Une bonne gestion de l’utilisation des antibiotiques et son application précoce dès (voire
même avant) l’apparition des premiers cas de CPE constitue une mesure importante. Dès
l’apparence des premiers cas une bonne gestion de l’ équipe de gestion des épidémies
est indispensable. A cette fin, une bonne collaboration entre les GGA, l’hygiène
hospitalière, le service d’infectiologie, le laboratoire de microbiologie, la
pharmacie, la direction et l’ensemble des services concernés est essentielle. La
tâche des GGA consistera à ce moment de suivre avec une attention particulière la
consommation d’antibiotiques et à accompagner les cliniciens concernés.
Les GGA ont un rôle important à exercer dans la préparation des médecins aux CPE dans
l’hôpital (tant au niveau de la prévention que du traitement des infections à CPE). Ceci
est également l’occasion de renforcer la communication sur le bon usage des
antibiotiques en général, et d’expliquer les directives spécifiques visant à
limiter l’usage de carbapénèmes.
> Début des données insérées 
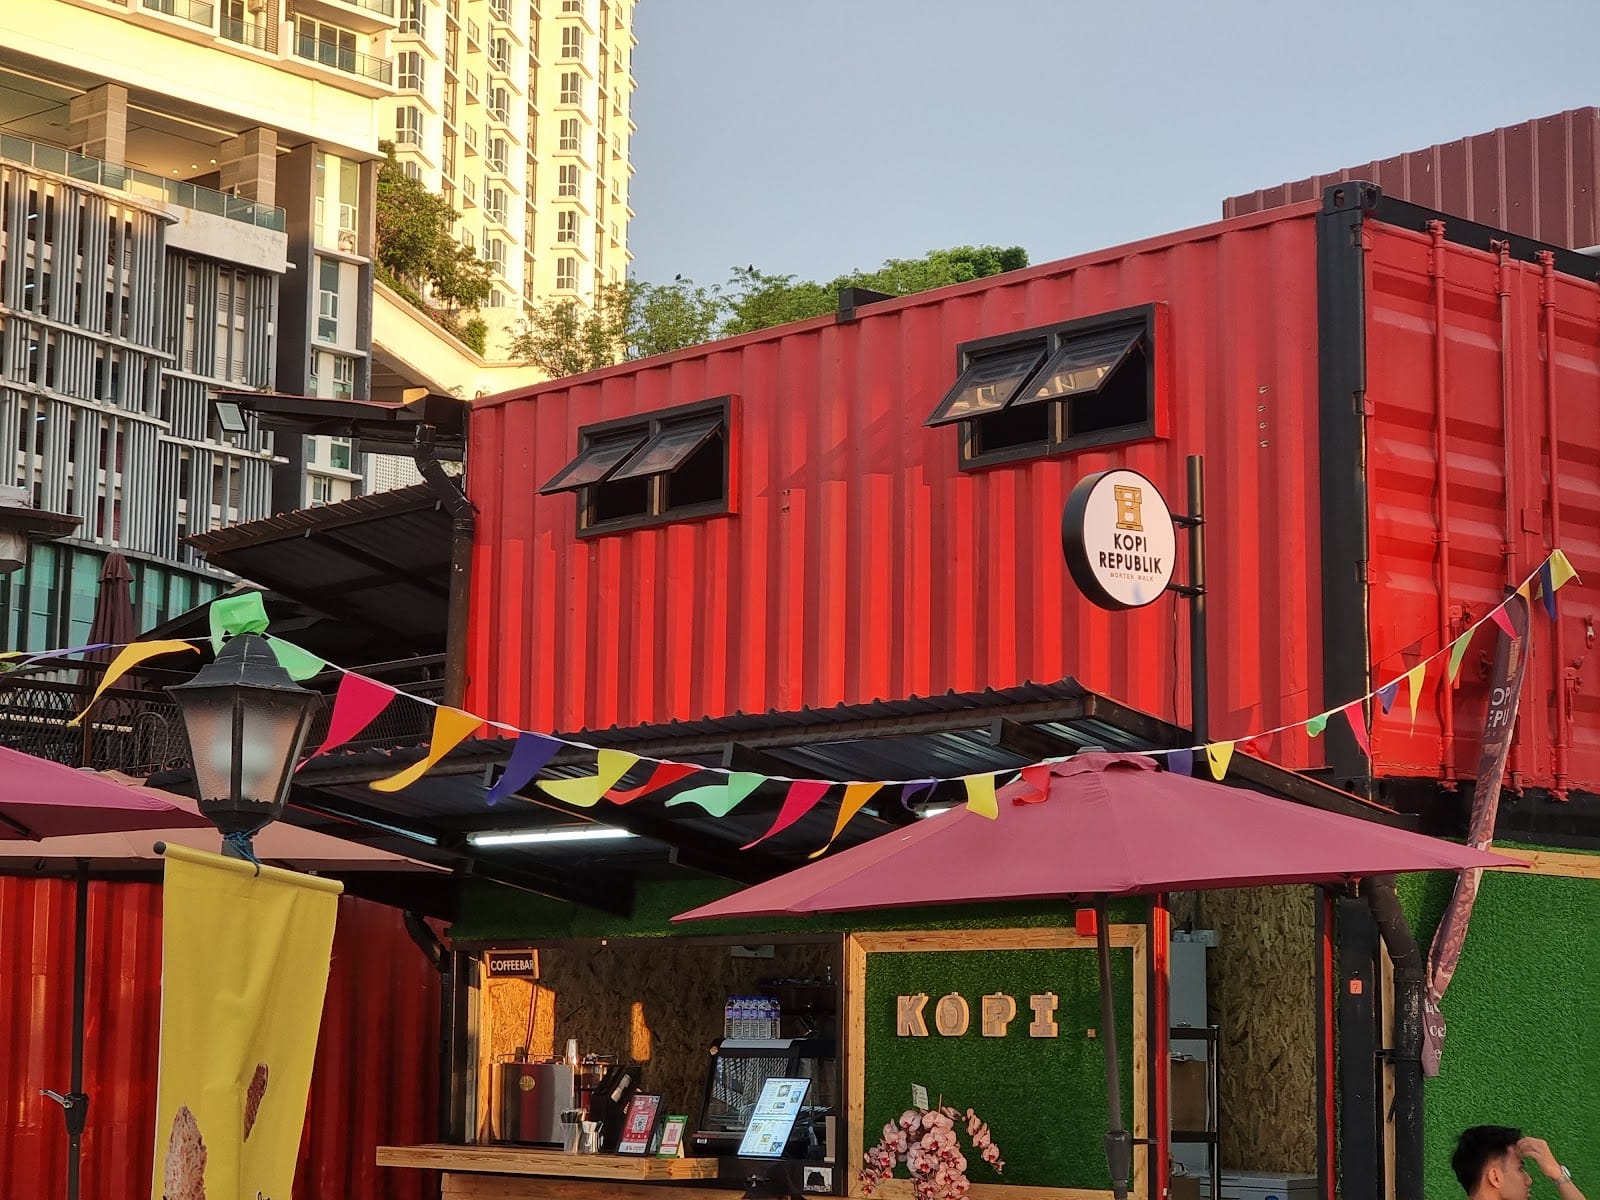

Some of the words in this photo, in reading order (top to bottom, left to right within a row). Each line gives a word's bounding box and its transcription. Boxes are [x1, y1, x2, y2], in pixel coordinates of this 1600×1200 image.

Il est attendu des GGA qu’ils communiquent
ouvertement avec leurs propres médecins, mais également avec les médecins d’autres
hôpitaux, tant au niveau du secteur ambulatoire qu’au niveau des maisons de repos et de
soins.
Références:
Marchaim D et al. Recent Exposure to Antimicrobials and Carbapenem-Resistant Enterobacteriaceae: The Role
of Antimicrobial Stewardship. Infect Control Hosp Epidemiol. 2012;33:817-30.